• Work instruction
Once the pictures are set aside, reproduce the remaining data exactly.

• Data under study
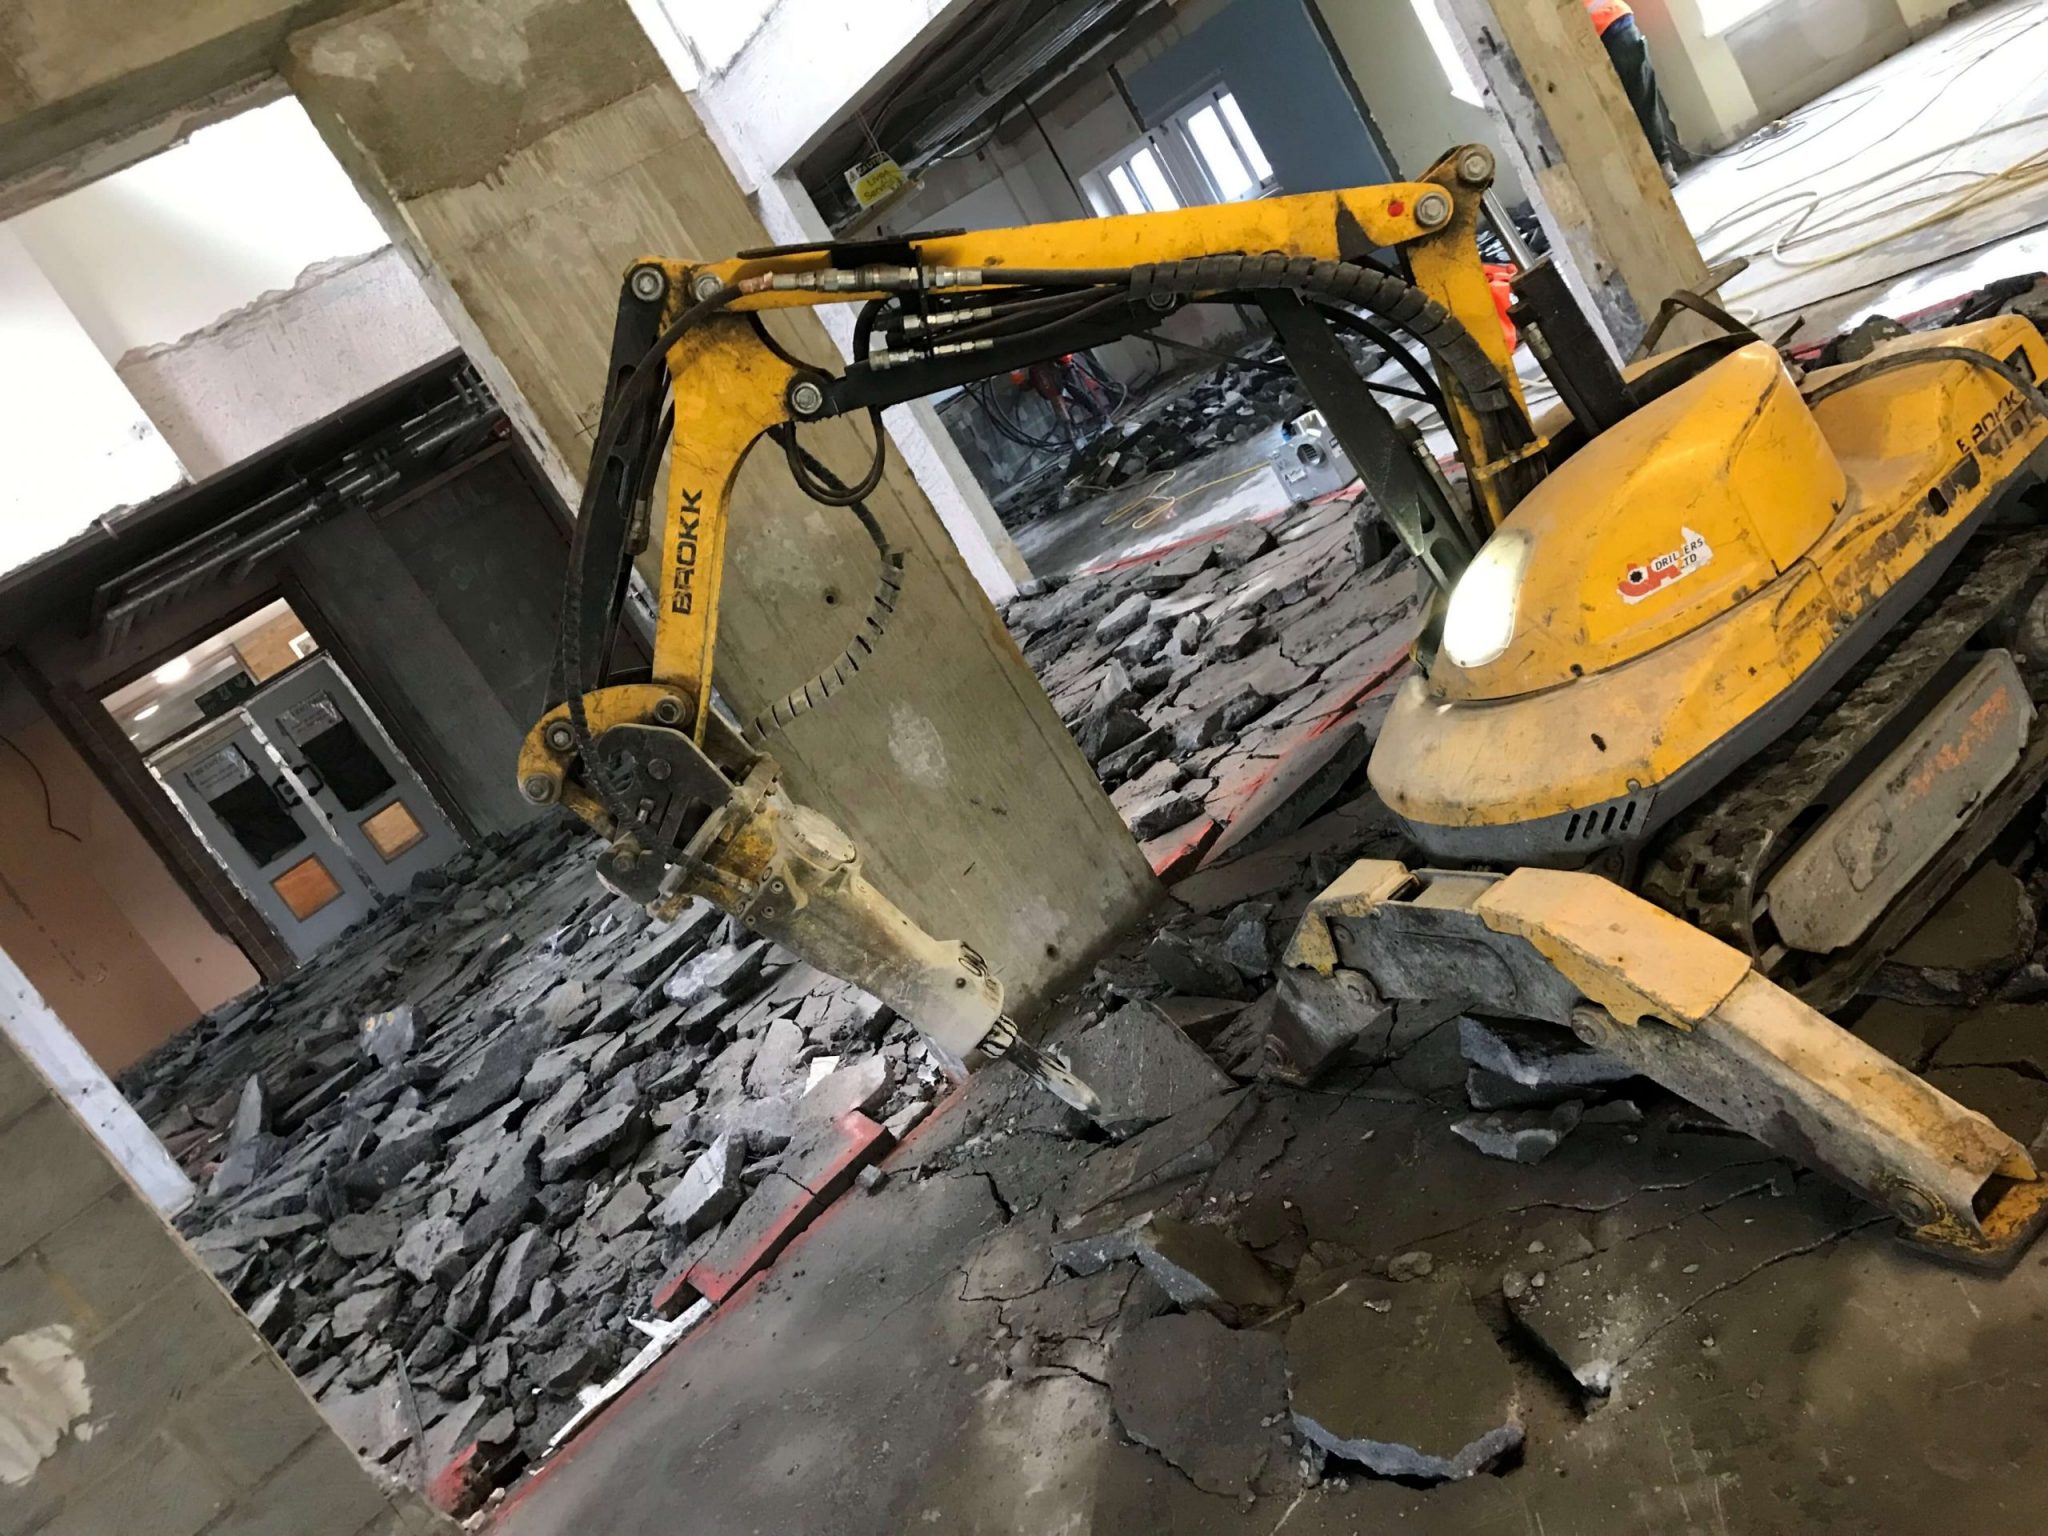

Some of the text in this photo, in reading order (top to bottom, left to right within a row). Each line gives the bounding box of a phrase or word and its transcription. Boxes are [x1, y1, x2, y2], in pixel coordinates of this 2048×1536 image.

[672, 488, 702, 614] BROKK
[1655, 538, 1704, 571] DRILERS
[1680, 553, 1697, 568] TD
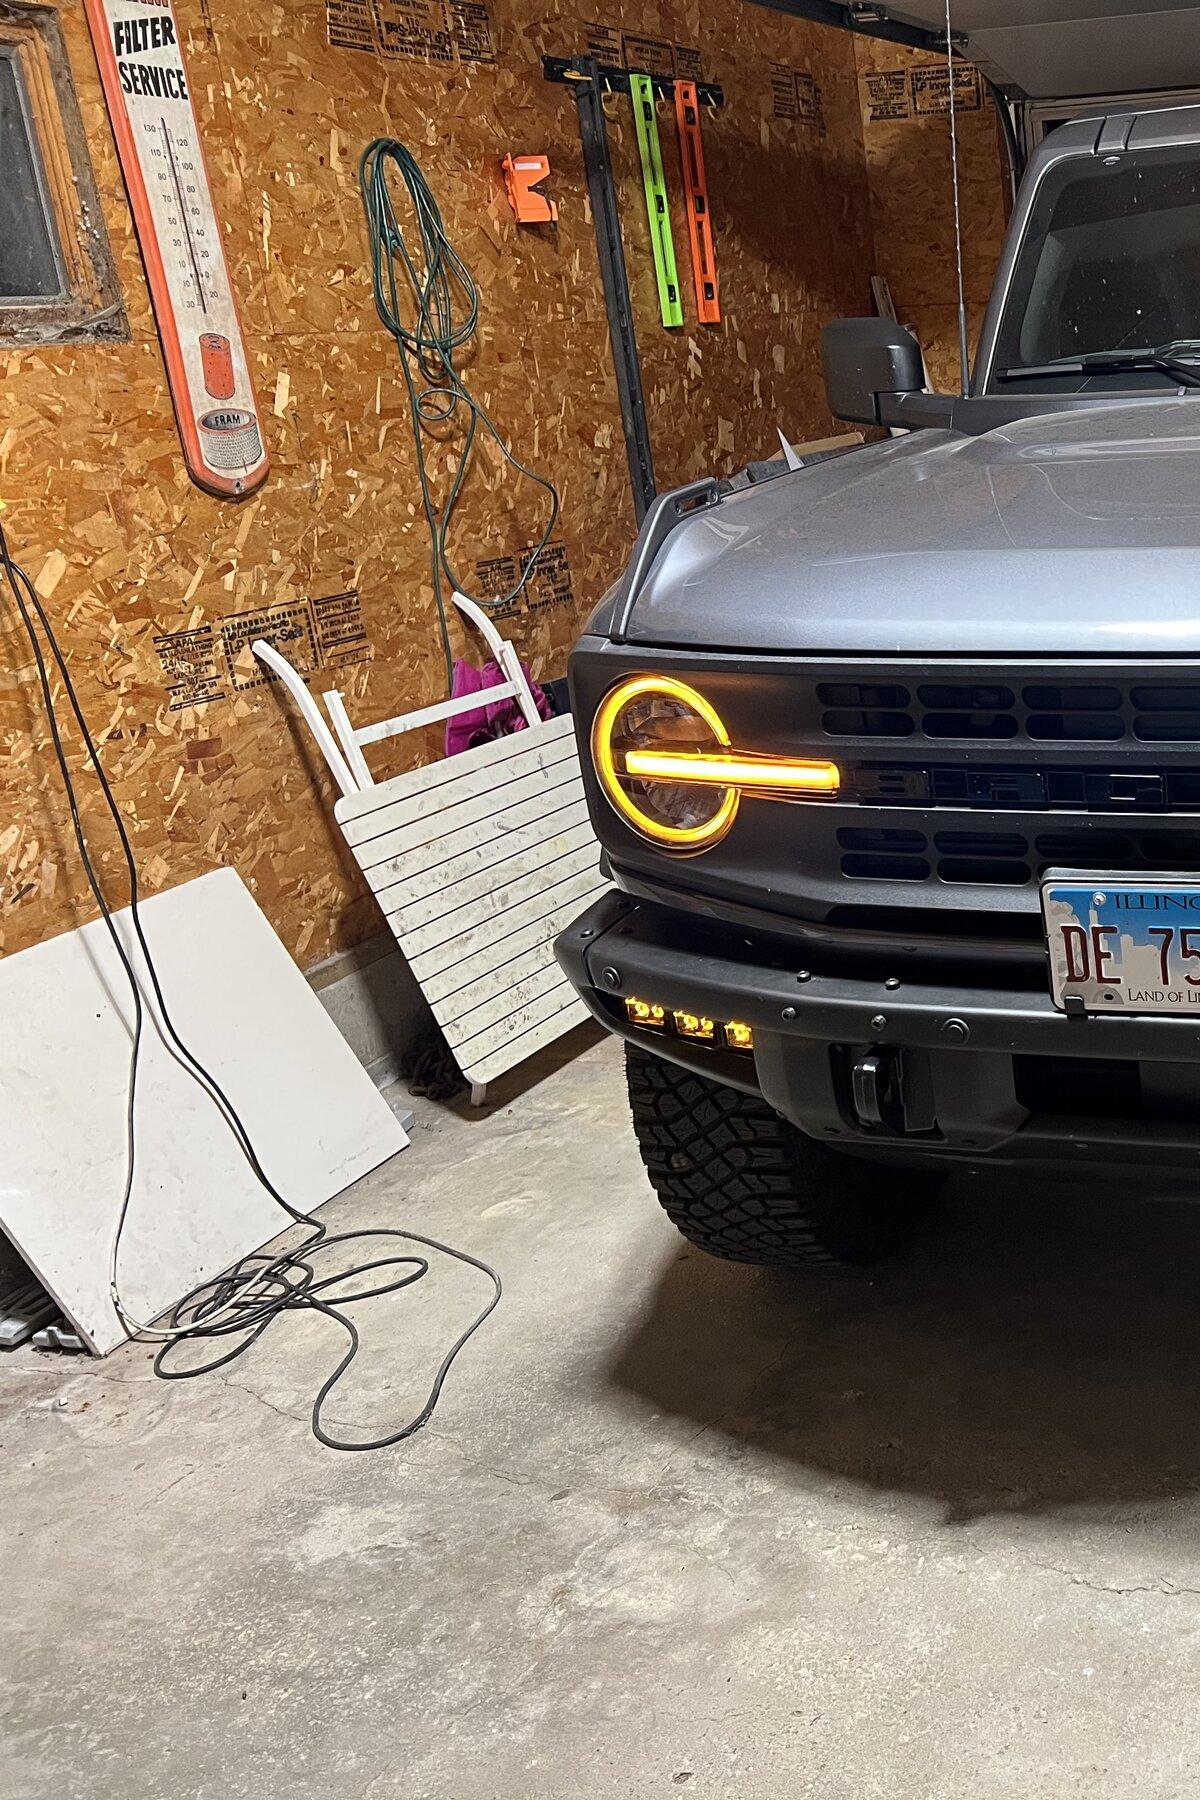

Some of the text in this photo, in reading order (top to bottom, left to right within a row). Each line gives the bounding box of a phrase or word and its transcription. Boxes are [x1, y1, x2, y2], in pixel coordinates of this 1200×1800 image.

[113, 16, 176, 56] FILTER
[118, 61, 189, 100] SERVICE
[144, 124, 156, 133] 130
[177, 139, 188, 147] 120
[158, 173, 167, 181] 90
[186, 185, 195, 193] 80
[163, 195, 172, 203] 70
[168, 217, 177, 225] 50
[196, 229, 205, 237] 40
[173, 239, 181, 247] 30
[201, 250, 209, 258] 20
[179, 260, 186, 268] 10
[214, 414, 241, 426] FRAM
[1060, 925, 1122, 985] DE
[1128, 988, 1165, 1002] LAND

• Response to the task
Some of the text in this photo, in reading order (top to bottom, left to right within a row). Each line gives the bounding box of a phrase or word and its transcription. Boxes are [x1, y1, x2, y2], in pixel coordinates of this 2048×1536 image.

[672, 488, 702, 614] BROKK
[1655, 538, 1704, 571] DRILERS
[1680, 553, 1697, 568] TD

Some of the text in this photo, in reading order (top to bottom, left to right within a row). Each line gives the bounding box of a phrase or word and its transcription. Boxes are [x1, y1, x2, y2], in pixel coordinates of this 1200×1800 image.

[113, 16, 176, 56] FILTER
[118, 61, 189, 100] SERVICE
[144, 124, 156, 133] 130
[177, 139, 188, 147] 120
[158, 173, 167, 181] 90
[186, 185, 195, 193] 80
[163, 195, 172, 203] 70
[168, 217, 177, 225] 50
[196, 229, 205, 237] 40
[173, 239, 181, 247] 30
[201, 250, 209, 258] 20
[179, 260, 186, 268] 10
[214, 414, 241, 426] FRAM
[1060, 925, 1122, 985] DE
[1128, 988, 1165, 1002] LAND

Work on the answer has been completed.